Moderately Austere, or the Power of Fork–Exec

I recently started a new WordPress theme, Moderately Austere (GitHub link), as a fork of the canonical Twenty Seventeen theme from WordPress.

I started a new theme for a few reasons. Most acutely, Twenty Seventeen has real janky scroll behavior on iOS (Safari and Chrome, at least). Because the mobile browser’s navbar diminishes smoothly (from its original size down to a shorter read-only version) as you start scrolling, the viewport height increases correspondingly, but the web content definitely doesn’t update at 60 fps. For the Twenty Seventeen theme in particular, the result is stuttery updates to the header image size and positioning, since the header height uses vh units and the image uses position:fixed. So, my first order of business was making the header static. I don’t get the nice depth effect anymore, but the stutter jankfest was driving me crazy, so this is the better tradeoff. I’m much relieved, visually.

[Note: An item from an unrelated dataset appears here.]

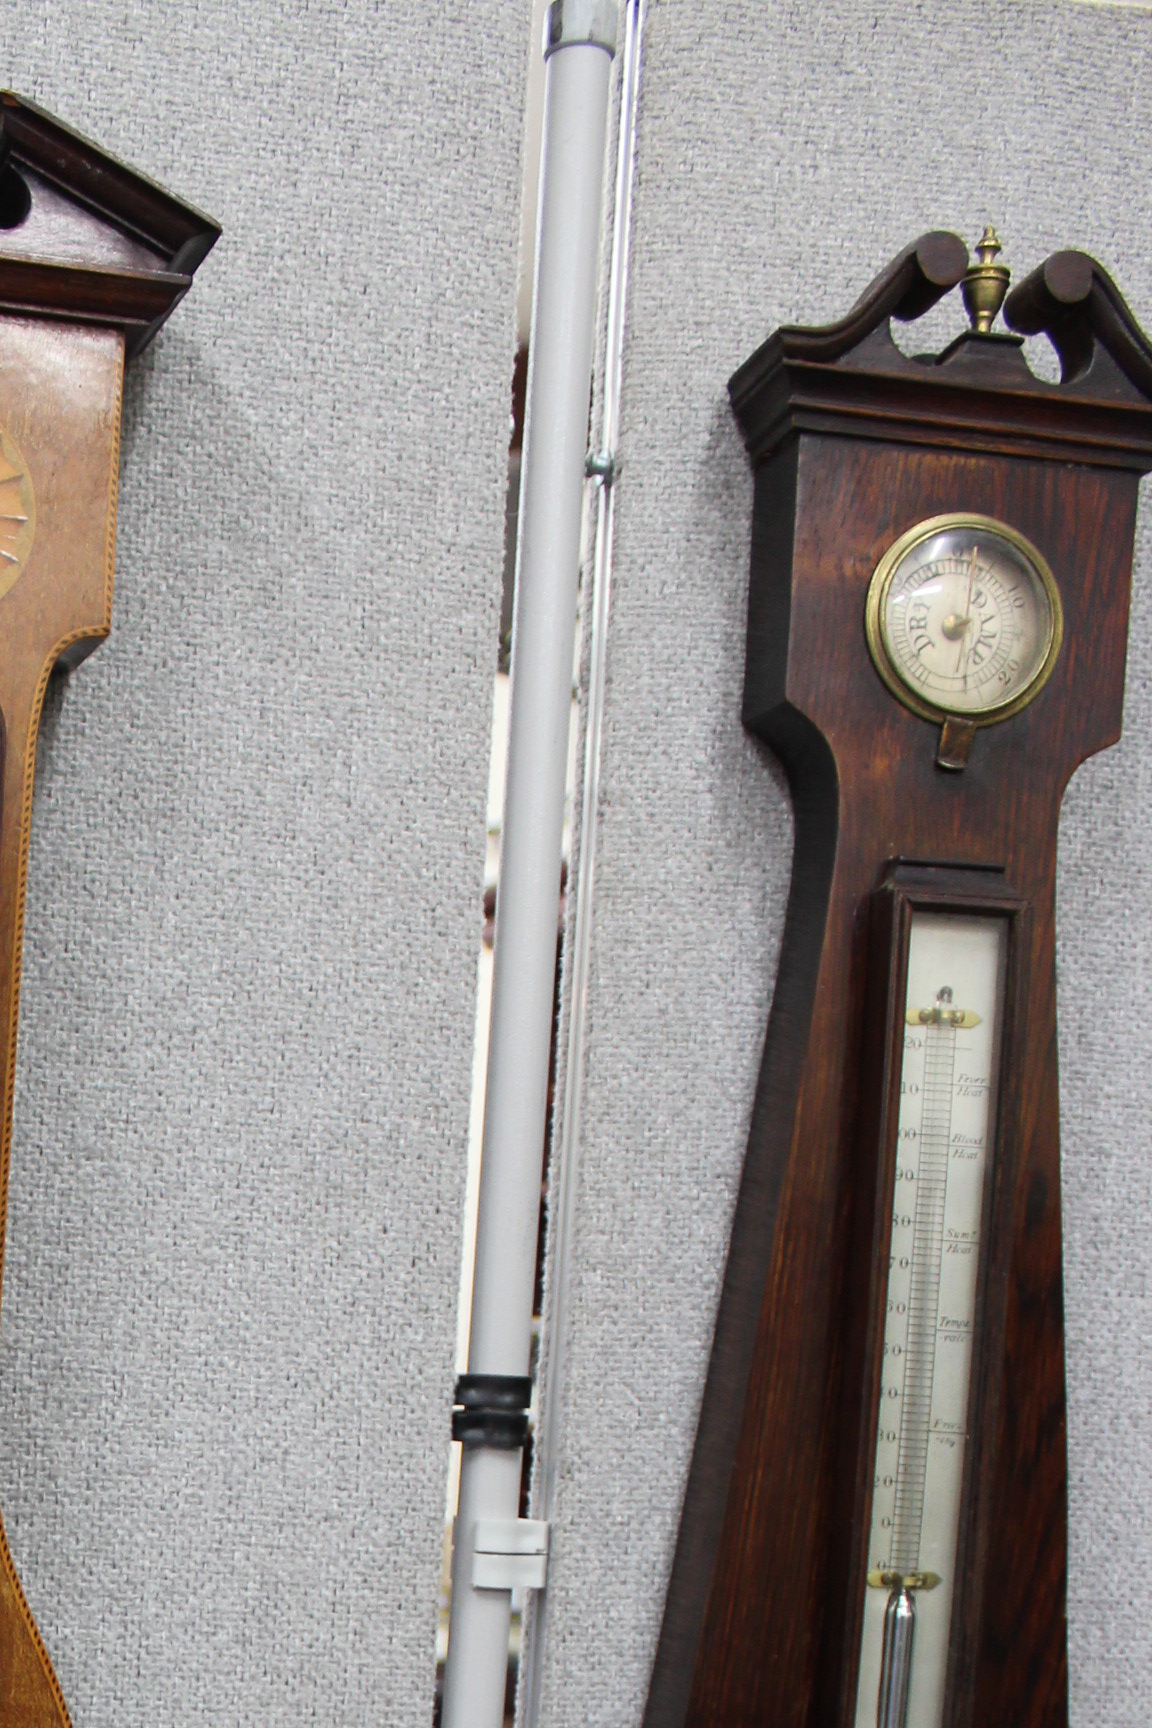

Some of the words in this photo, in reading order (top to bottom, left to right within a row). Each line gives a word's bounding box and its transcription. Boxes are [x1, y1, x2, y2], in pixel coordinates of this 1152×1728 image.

[909, 601, 936, 657] DRY
[971, 589, 998, 666] DAMP
[998, 658, 1020, 686] 20

Beyond that, using a predefined theme is like renting a pre-furnished apartment. It’s reasonably suited to a wide audience, but is cookie-cutter and lacks personality. By forking, I can make my web home more homey and more me.

If I were a seasoned web developer, I might style a website from scratch. However, I’m not a seasoned web developer; I’m more a dabbler who just wants to get particular things done. So forking an existing theme is the pragmatic way to go.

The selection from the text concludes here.